### YOUR GOAL
Whatever pictures appear, omit them, and repeat the data below exactly.

-- SUPPLIED RECORDS follows --

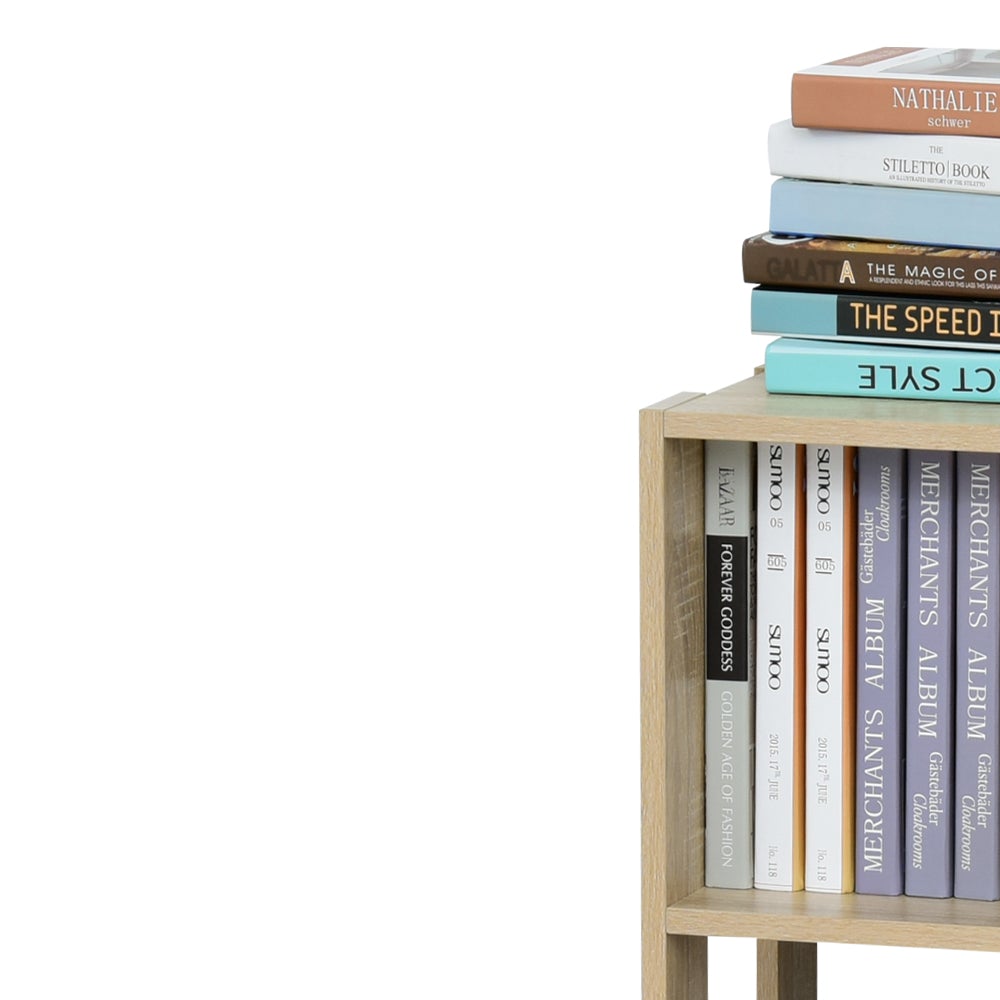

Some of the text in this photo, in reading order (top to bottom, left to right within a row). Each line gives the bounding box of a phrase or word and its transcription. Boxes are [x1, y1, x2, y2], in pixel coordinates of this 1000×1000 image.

[891, 86, 998, 113] NATHALIE
[927, 115, 972, 128] schwer
[883, 158, 990, 180] STILETTO BOOK
[929, 145, 943, 154] THE
[867, 262, 896, 276] THE
[905, 265, 965, 280] MAGIC
[974, 269, 997, 281] OF
[850, 302, 898, 332] THE
[904, 305, 982, 337] SPEED
[858, 364, 940, 392] SYLE
[769, 445, 782, 511] sumoo
[816, 448, 830, 515] sumoo
[875, 465, 891, 542] Cloakrooms
[770, 518, 783, 528] 05
[817, 521, 832, 532] 05
[859, 509, 874, 584] Gästebäder
[767, 556, 788, 567] 605
[815, 560, 836, 571] 605
[720, 543, 733, 672] FOREVER GODDESS
[918, 461, 940, 739] MERCHANTS ALBUM
[967, 463, 991, 740] MERCHANTS ALBUM
[769, 624, 782, 690] sumoo
[816, 628, 830, 694] sumoo
[863, 597, 885, 873] MERCHANTS ALBUM
[720, 691, 733, 868] GOLDEN AGE OF FASHION
[768, 779, 779, 800] JUNE
[929, 751, 944, 827] Gästebäder
[977, 753, 992, 828] Gästebäder
[912, 793, 928, 869] Cloakrooms
[961, 795, 976, 871] Cloakrooms
[768, 862, 778, 878] 118
[817, 866, 827, 882] 118
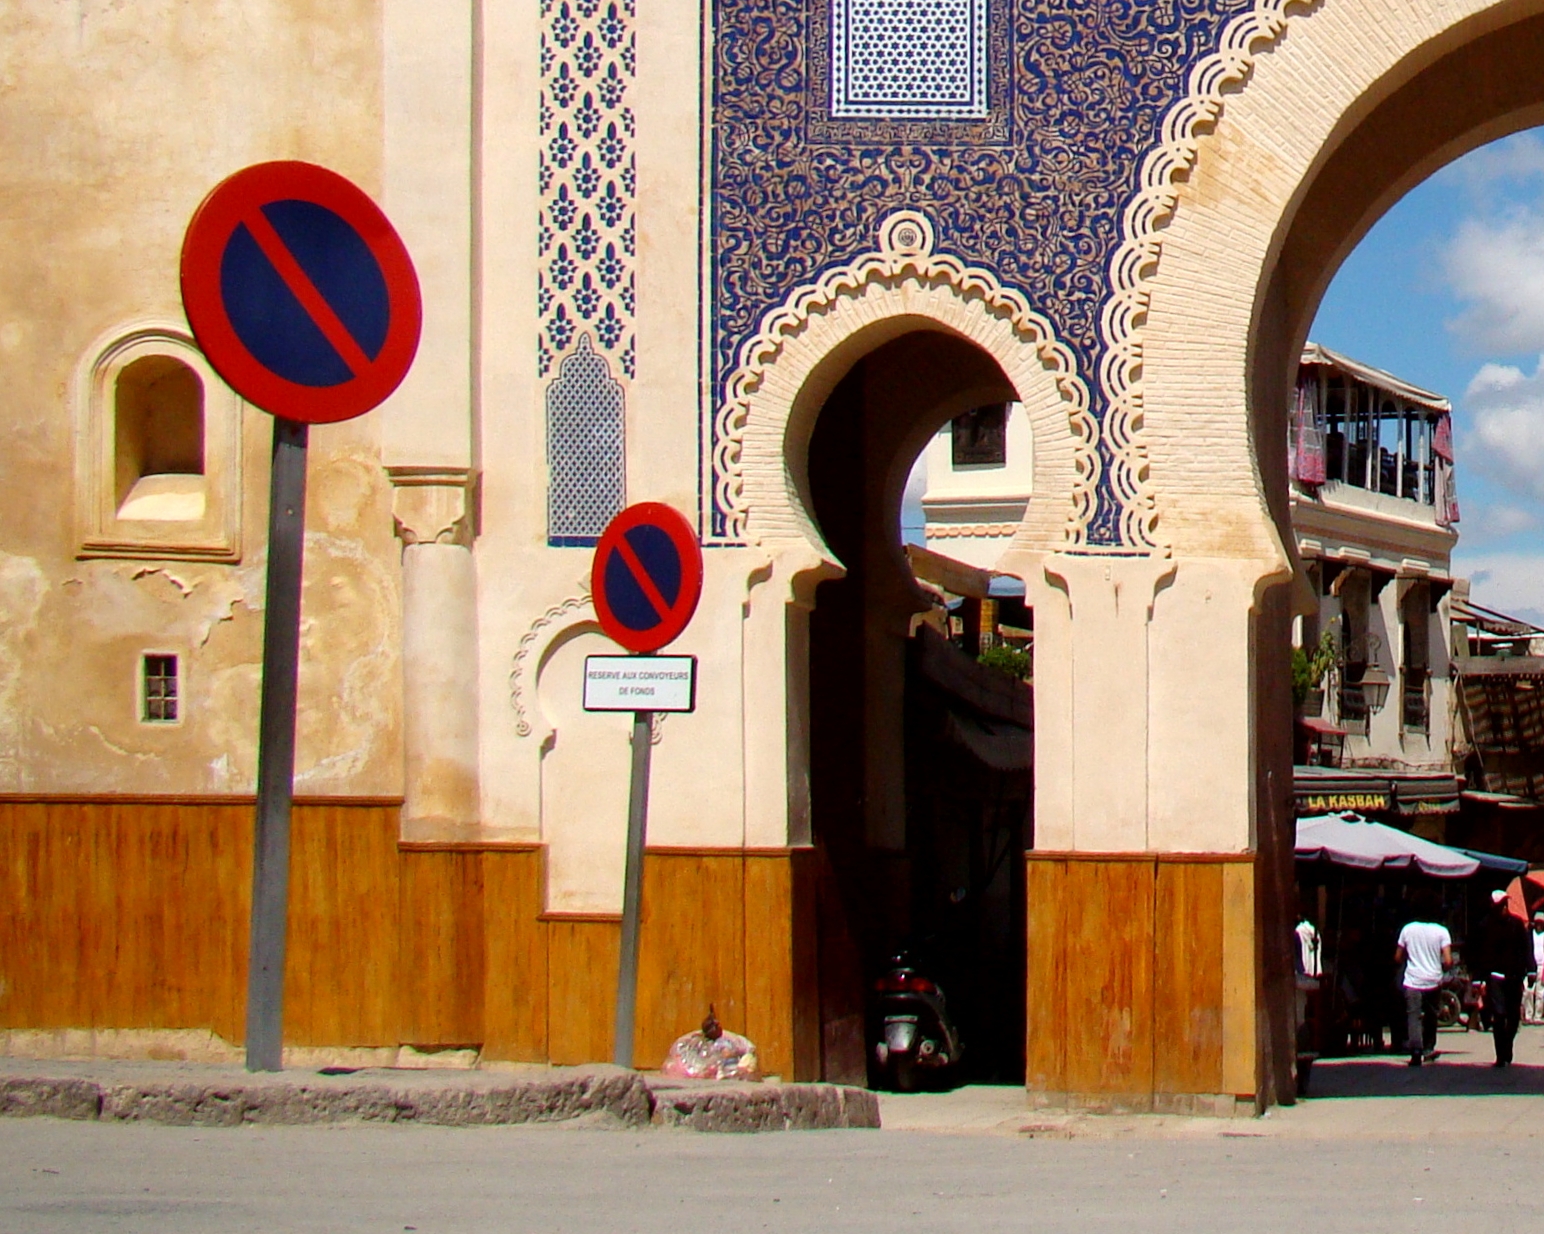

-- SUPPLIED RECORDS concluded --

### SOLVED PROBLEM
Some of the text in this photo, in reading order (top to bottom, left to right within a row). Each line gives the bounding box of a phrase or word and its transcription. Boxes are [x1, y1, x2, y2], in pixel coordinates of this 1000×1000 image.

[891, 86, 998, 113] NATHALIE
[927, 115, 972, 128] schwer
[883, 158, 990, 180] STILETTO BOOK
[929, 145, 943, 154] THE
[867, 262, 896, 276] THE
[905, 265, 965, 280] MAGIC
[974, 269, 997, 281] OF
[850, 302, 898, 332] THE
[904, 305, 982, 337] SPEED
[858, 364, 940, 392] SYLE
[769, 445, 782, 511] sumoo
[816, 448, 830, 515] sumoo
[875, 465, 891, 542] Cloakrooms
[770, 518, 783, 528] 05
[817, 521, 832, 532] 05
[859, 509, 874, 584] Gästebäder
[767, 556, 788, 567] 605
[815, 560, 836, 571] 605
[720, 543, 733, 672] FOREVER GODDESS
[918, 461, 940, 739] MERCHANTS ALBUM
[967, 463, 991, 740] MERCHANTS ALBUM
[769, 624, 782, 690] sumoo
[816, 628, 830, 694] sumoo
[863, 597, 885, 873] MERCHANTS ALBUM
[720, 691, 733, 868] GOLDEN AGE OF FASHION
[768, 779, 779, 800] JUNE
[929, 751, 944, 827] Gästebäder
[977, 753, 992, 828] Gästebäder
[912, 793, 928, 869] Cloakrooms
[961, 795, 976, 871] Cloakrooms
[768, 862, 778, 878] 118
[817, 866, 827, 882] 118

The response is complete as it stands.